China’s new five-year plan charts world’s largest modernization by population

China has embarked on an unprecedented modernization campaign targeting its entire population of 1.4 billion people, as outlined in the draft 15th Five-Year Plan (2026-2030) currently under review during the national legislative session. This ambitious blueprint represents the largest-scale modernization effort in human history, aiming to fundamentally transform the world’s most populous nation by 2035.

The comprehensive plan sets forth concrete economic targets, including doubling the 2020 per capita GDP to exceed $20,000—a benchmark for moderately developed nations. Beyond economic metrics, the vision encompasses strengthening China’s scientific technological capabilities, national defense systems, composite national strength, and global influence while enhancing living standards and happiness for its citizens.

Demographic challenges present significant hurdles, with China’s massive population base creating resource constraints that place per capita arable land, water resources, and crude oil holdings substantially below global averages. Additionally, declining birth rates and rapid population aging compound the complexity of this modernization endeavor.

The strategy emphasizes high-quality development centered on innovation, coordination, green development, openness, and shared growth. Specific targets include increasing R&D spending by over 7% annually, raising the digital economy’s contribution to 12.5% of GDP, reducing carbon intensity by 17% from 2025 levels, and achieving 25% non-fossil fuel energy consumption by 2030.

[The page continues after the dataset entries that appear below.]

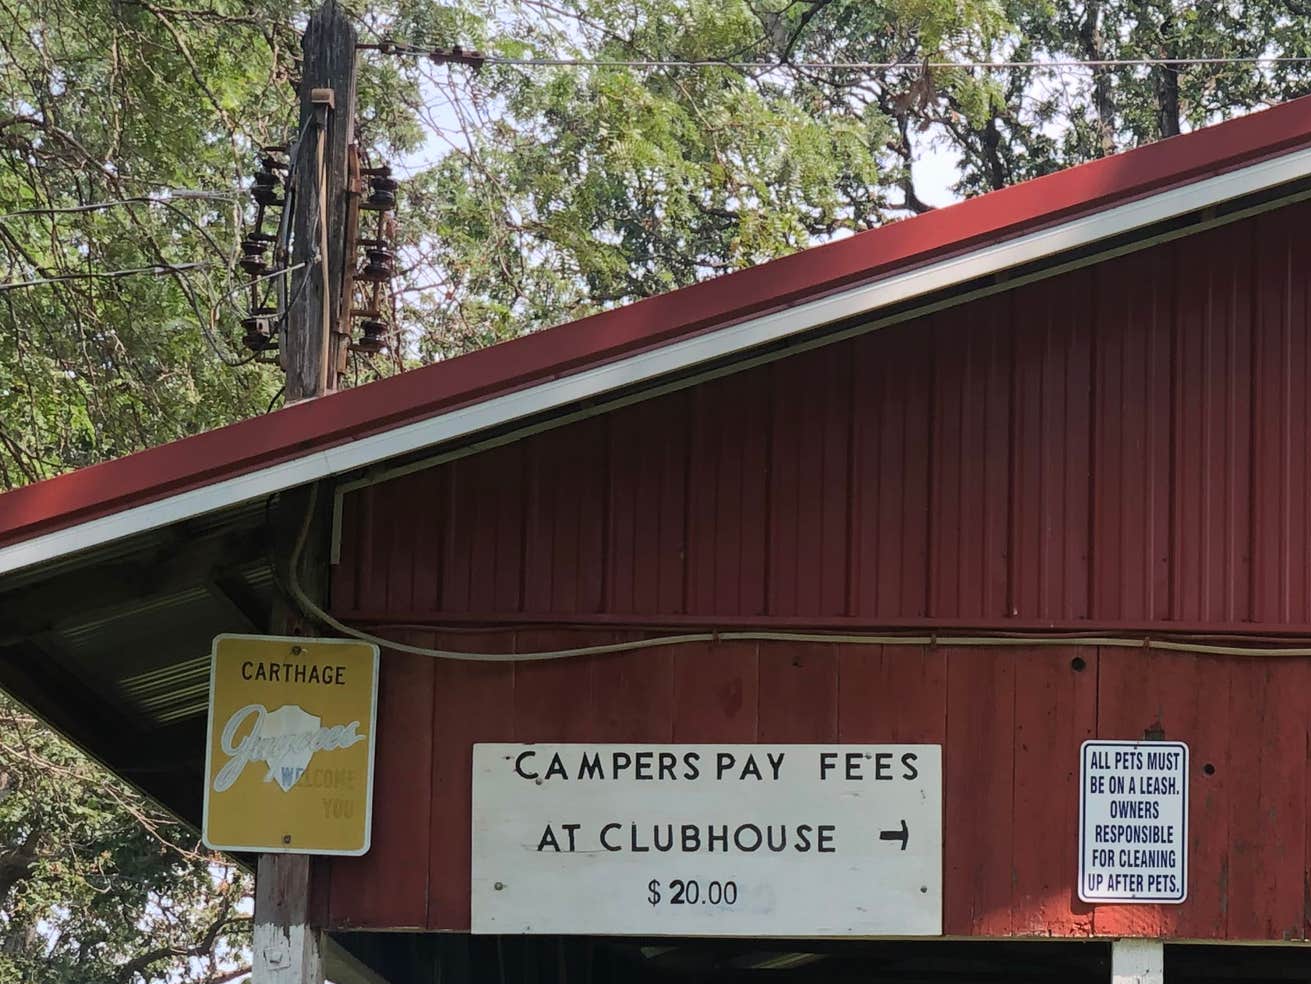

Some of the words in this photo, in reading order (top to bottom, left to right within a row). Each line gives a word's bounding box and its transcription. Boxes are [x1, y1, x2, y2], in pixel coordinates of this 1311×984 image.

[241, 661, 347, 685] CARTHAGE
[515, 750, 700, 781] CAMPERS
[716, 752, 785, 781] PAY
[820, 752, 919, 781] FEES
[1090, 751, 1111, 770] ALL
[1114, 752, 1143, 770] PETS
[1147, 752, 1180, 770] MUST
[1090, 776, 1105, 794] BE
[1109, 776, 1125, 794] ON
[1128, 776, 1136, 795] A
[1140, 777, 1180, 795] LEASH.
[322, 798, 354, 819] YOU
[1110, 800, 1159, 819] OWNERS
[537, 823, 581, 853] AT
[599, 822, 837, 853] CLUBHOUSE
[1095, 825, 1174, 844] RESPONSIBLE
[1092, 849, 1115, 868] FOR
[1119, 849, 1176, 868] CLEANING
[1088, 873, 1103, 891] UP
[1107, 874, 1143, 892] AFTER
[1148, 874, 1180, 893] PETS.
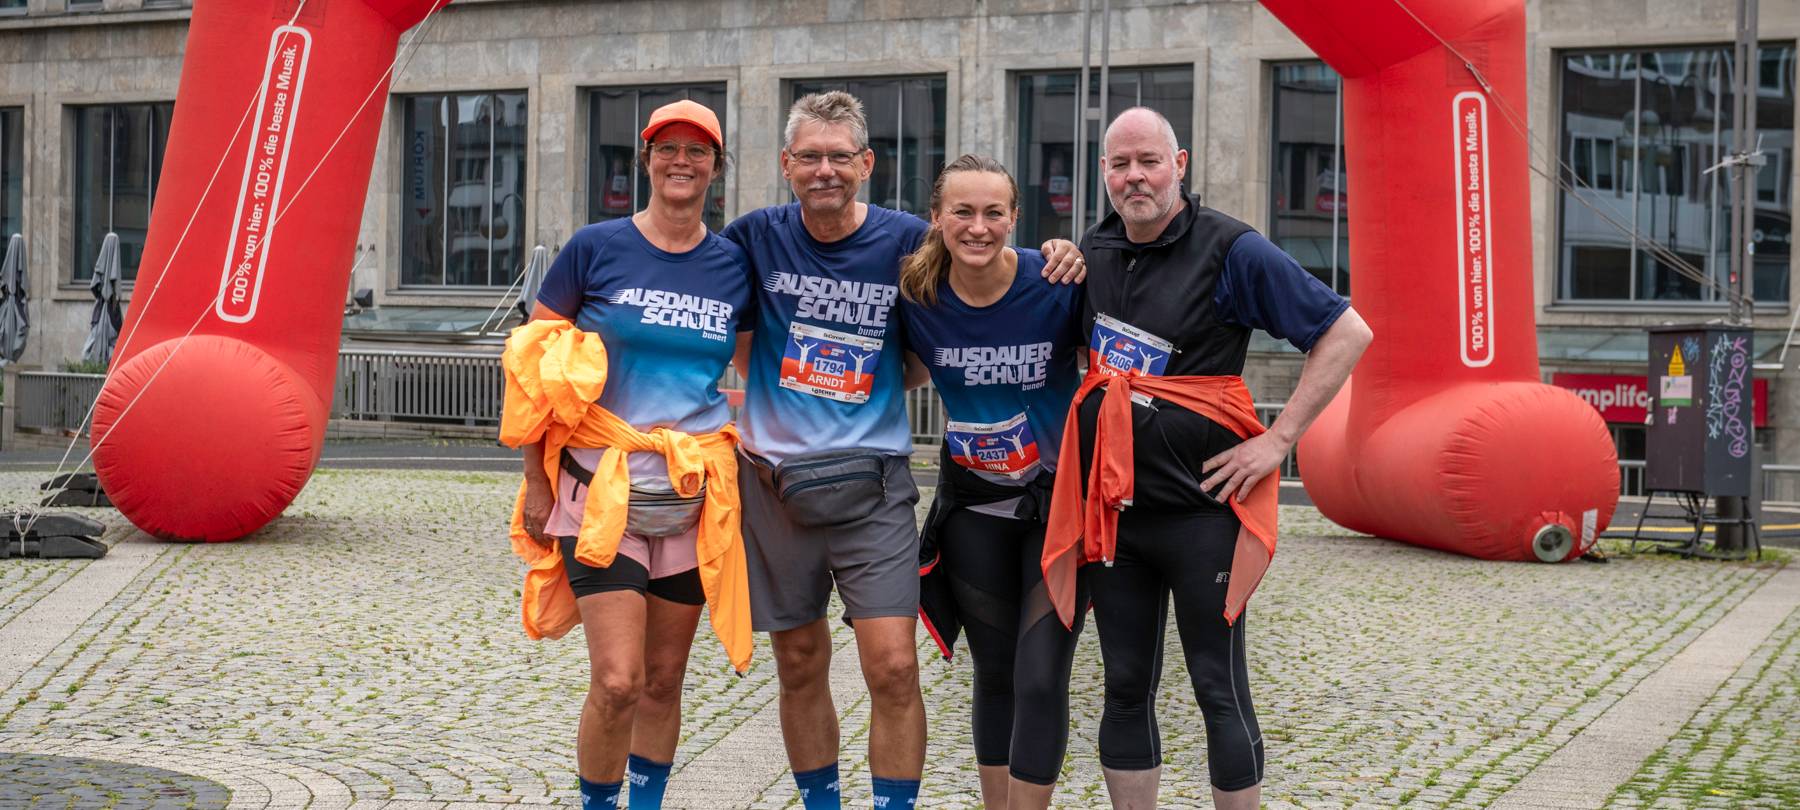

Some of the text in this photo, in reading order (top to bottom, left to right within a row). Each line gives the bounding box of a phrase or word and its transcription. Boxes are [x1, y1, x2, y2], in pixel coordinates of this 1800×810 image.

[231, 44, 298, 305] 100% von hier. 100% die beste Musik.
[1465, 108, 1484, 352] 100% von hier. 100% die beste Musik.
[769, 271, 899, 307] AUSDAUER
[614, 288, 733, 319] AUSDAUER
[795, 296, 890, 327] SCHULE
[640, 307, 728, 334] SCHULE
[857, 326, 886, 337] bunert
[702, 331, 727, 342] bunert
[937, 341, 1053, 368] AUSDAUER
[1106, 352, 1132, 372] 2406
[815, 359, 844, 375] 1794
[964, 361, 1047, 386] SCHULE
[807, 374, 846, 388] ARNDT
[1022, 380, 1046, 391] bunert
[978, 449, 1006, 461] 2437
[984, 462, 1010, 471] NINA

Social development objectives feature raising average life expectancy to 80 years, increasing practicing physicians to 3.7 per 1,000 people, and improving permanent urbanization rates to 71%. The plan also addresses food security through targeted grain production capacity of 725 million tonnes and urban renewal programs to enhance housing conditions.

Experts note that China’s distinctive approach rejects Western modernization paradigms in favor of tailored policies addressing unique national conditions. The massive population, while presenting challenges, also offers advantages including an enormous talent pool, abundant technology application scenarios, and a vibrant domestic market that can foster balanced trade and coordinated development.

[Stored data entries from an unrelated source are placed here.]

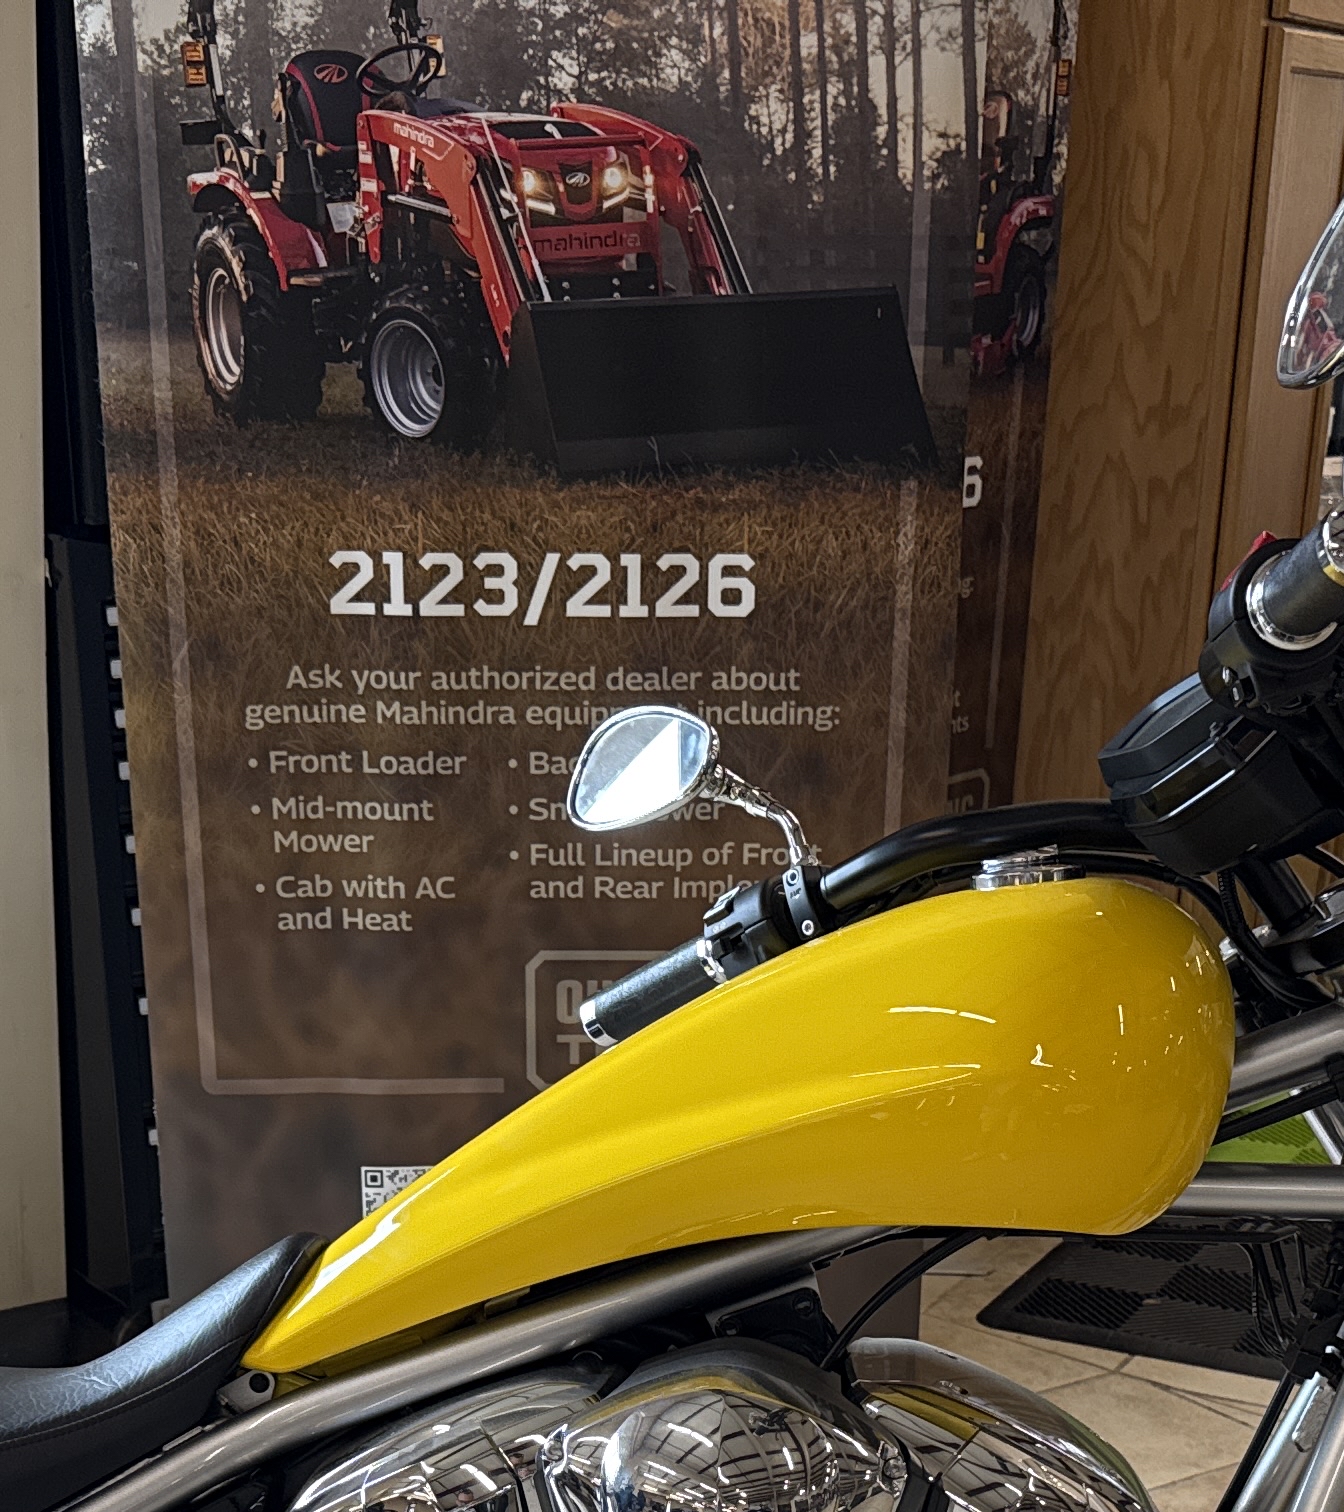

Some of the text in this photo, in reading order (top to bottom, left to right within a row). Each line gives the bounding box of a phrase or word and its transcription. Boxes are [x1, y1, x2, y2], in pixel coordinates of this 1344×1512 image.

[392, 121, 435, 149] mahindra
[532, 231, 641, 254] mahindra
[328, 550, 756, 626] 2123/2126
[286, 663, 801, 695] Ask your authorized dealer about
[244, 698, 367, 731] genuine
[376, 700, 517, 726] Mahindra
[697, 699, 841, 732] including:
[268, 750, 467, 775] Front Loader
[271, 795, 434, 821] Mid-mount
[273, 830, 374, 853] Mower
[529, 841, 823, 872] Full Lineup of Frot
[275, 873, 456, 900] Cab with AC
[529, 876, 584, 900] and
[594, 876, 664, 899] Rear
[277, 906, 413, 932] and Heat

Internationally, China’s successful modernization would more than double the proportion of humanity achieving developed status—from approximately one-seventh to one-third of the global population. The expansion of China’s middle-income group and super-large domestic market is expected to generate sustained momentum for the global economy, with foreign companies already signaling strong commitment to the Chinese market.

For developing nations, China’s modernization path offers an alternative development model demonstrating that progress need not follow a single template, but can instead adapt to specific national conditions, priorities, and developmental stages.